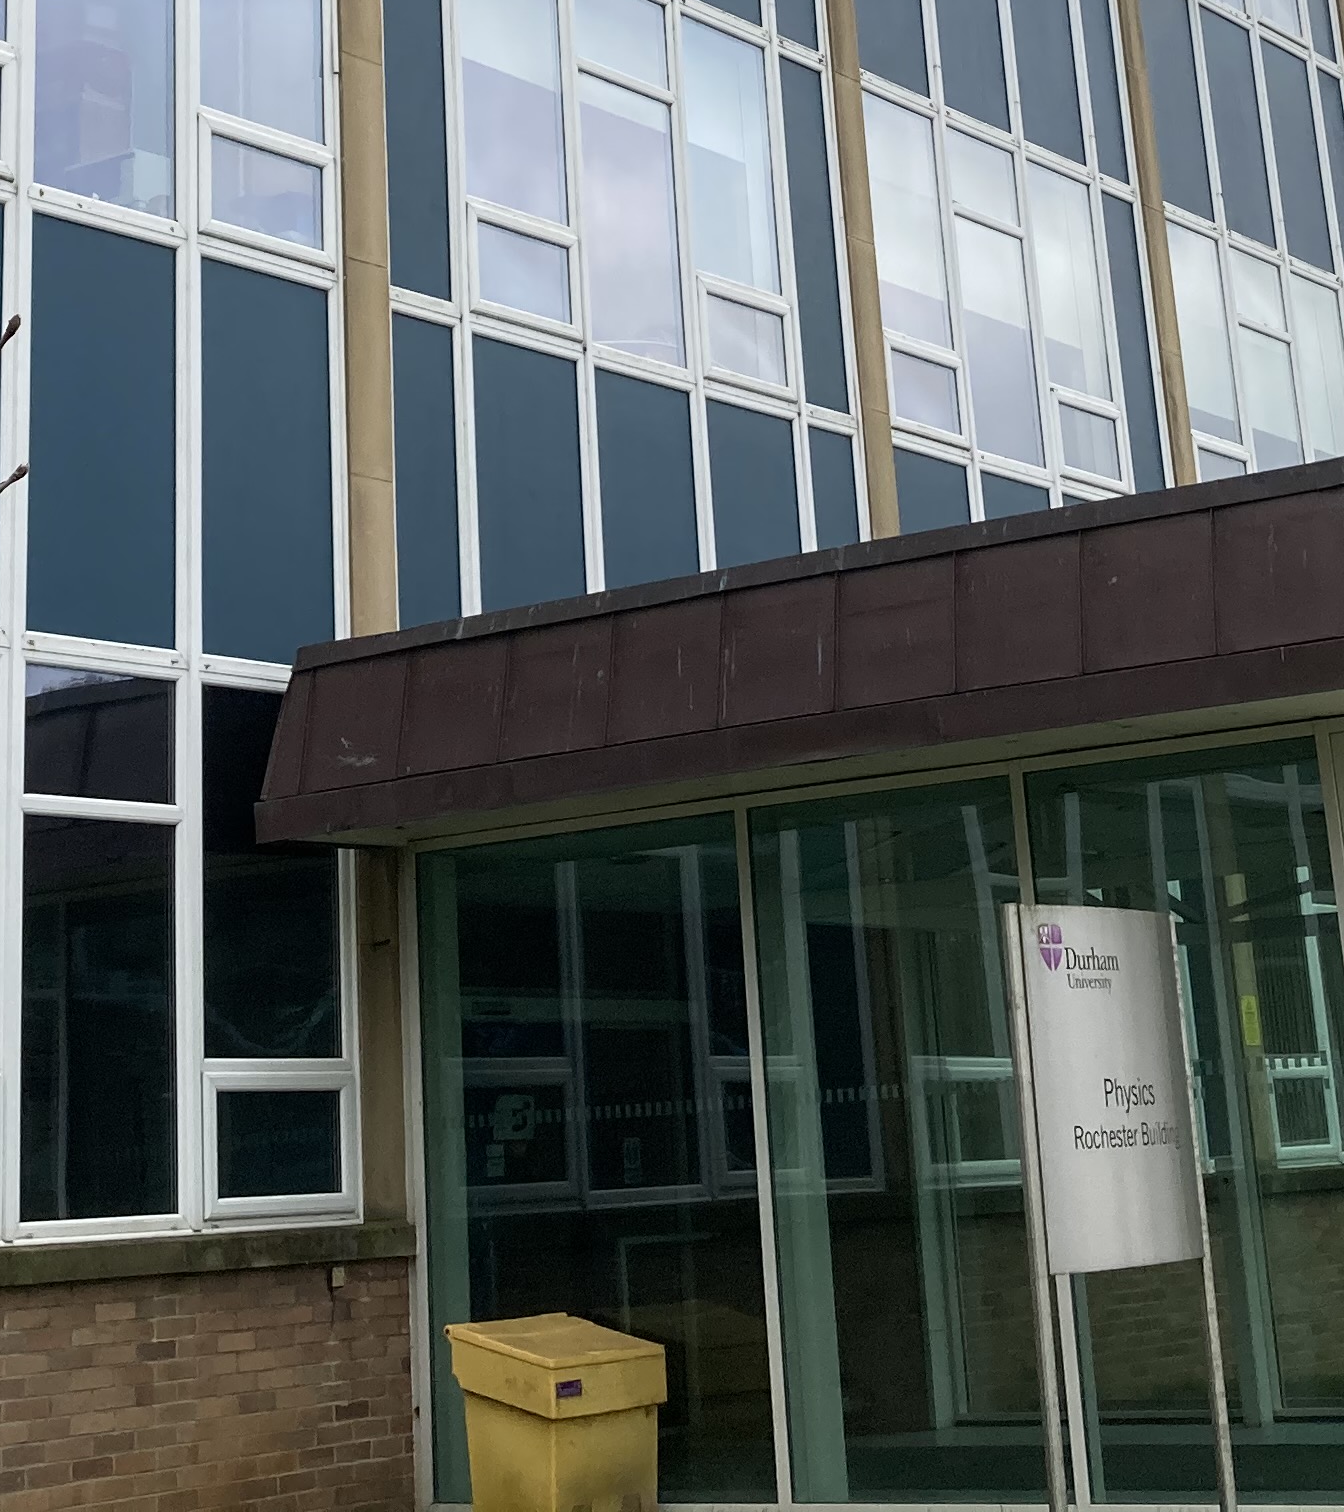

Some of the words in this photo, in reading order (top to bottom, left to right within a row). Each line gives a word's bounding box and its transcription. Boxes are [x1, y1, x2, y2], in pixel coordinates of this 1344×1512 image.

[1064, 946, 1120, 972] Durham
[1067, 973, 1112, 995] University
[1103, 1077, 1155, 1114] Physics
[1074, 1124, 1138, 1150] Rochester
[1140, 1121, 1180, 1150] Building
——
■ Exercise prompt
Leave the pictures out and return the rest of the material exactly.

■ Your solution
Some of the words in this photo, in reading order (top to bottom, left to right within a row). Each line gives a word's bounding box and its transcription. Boxes are [x1, y1, x2, y2], in pixel coordinates of this 1344×1512 image.

[1064, 946, 1120, 972] Durham
[1067, 973, 1112, 995] University
[1103, 1077, 1155, 1114] Physics
[1074, 1124, 1138, 1150] Rochester
[1140, 1121, 1180, 1150] Building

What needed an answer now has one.